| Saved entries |
▬▬▬▬▬▬
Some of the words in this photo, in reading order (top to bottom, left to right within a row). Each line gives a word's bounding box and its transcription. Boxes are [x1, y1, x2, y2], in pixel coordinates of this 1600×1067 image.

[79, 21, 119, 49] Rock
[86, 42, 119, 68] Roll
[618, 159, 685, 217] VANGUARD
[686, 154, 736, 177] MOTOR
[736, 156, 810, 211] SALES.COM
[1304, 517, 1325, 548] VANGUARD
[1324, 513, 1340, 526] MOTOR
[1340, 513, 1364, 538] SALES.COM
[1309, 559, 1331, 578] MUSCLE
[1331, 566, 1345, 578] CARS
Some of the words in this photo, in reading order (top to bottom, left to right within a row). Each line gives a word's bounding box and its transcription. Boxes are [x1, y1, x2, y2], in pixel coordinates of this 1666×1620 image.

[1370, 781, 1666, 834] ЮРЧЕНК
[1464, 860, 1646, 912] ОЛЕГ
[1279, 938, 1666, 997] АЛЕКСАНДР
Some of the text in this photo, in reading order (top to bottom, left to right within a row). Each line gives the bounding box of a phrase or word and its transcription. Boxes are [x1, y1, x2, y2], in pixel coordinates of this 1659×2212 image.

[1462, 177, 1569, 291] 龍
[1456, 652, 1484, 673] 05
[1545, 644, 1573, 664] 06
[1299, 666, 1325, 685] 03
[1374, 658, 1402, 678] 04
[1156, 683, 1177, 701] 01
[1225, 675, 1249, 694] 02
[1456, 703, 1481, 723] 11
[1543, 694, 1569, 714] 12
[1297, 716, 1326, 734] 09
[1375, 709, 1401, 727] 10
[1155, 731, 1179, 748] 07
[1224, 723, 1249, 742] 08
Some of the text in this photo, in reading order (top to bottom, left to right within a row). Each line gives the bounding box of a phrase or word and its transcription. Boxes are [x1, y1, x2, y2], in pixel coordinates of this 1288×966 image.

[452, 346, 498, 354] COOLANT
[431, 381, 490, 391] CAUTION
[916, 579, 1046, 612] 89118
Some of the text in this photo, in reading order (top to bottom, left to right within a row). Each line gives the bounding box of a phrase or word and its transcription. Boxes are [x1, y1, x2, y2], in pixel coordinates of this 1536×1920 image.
▬▬▬▬▬▬
| Problem description |
Repeat exactly, and only, the lines from the line containing "this 1659×2212 image." through the last line of the records above, both included.

| Answer below |
Some of the text in this photo, in reading order (top to bottom, left to right within a row). Each line gives the bounding box of a phrase or word and its transcription. Boxes are [x1, y1, x2, y2], in pixel coordinates of this 1659×2212 image.

[1462, 177, 1569, 291] 龍
[1456, 652, 1484, 673] 05
[1545, 644, 1573, 664] 06
[1299, 666, 1325, 685] 03
[1374, 658, 1402, 678] 04
[1156, 683, 1177, 701] 01
[1225, 675, 1249, 694] 02
[1456, 703, 1481, 723] 11
[1543, 694, 1569, 714] 12
[1297, 716, 1326, 734] 09
[1375, 709, 1401, 727] 10
[1155, 731, 1179, 748] 07
[1224, 723, 1249, 742] 08
Some of the text in this photo, in reading order (top to bottom, left to right within a row). Each line gives the bounding box of a phrase or word and its transcription. Boxes are [x1, y1, x2, y2], in pixel coordinates of this 1288×966 image.

[452, 346, 498, 354] COOLANT
[431, 381, 490, 391] CAUTION
[916, 579, 1046, 612] 89118
Some of the text in this photo, in reading order (top to bottom, left to right within a row). Each line gives the bounding box of a phrase or word and its transcription. Boxes are [x1, y1, x2, y2], in pixel coordinates of this 1536×1920 image.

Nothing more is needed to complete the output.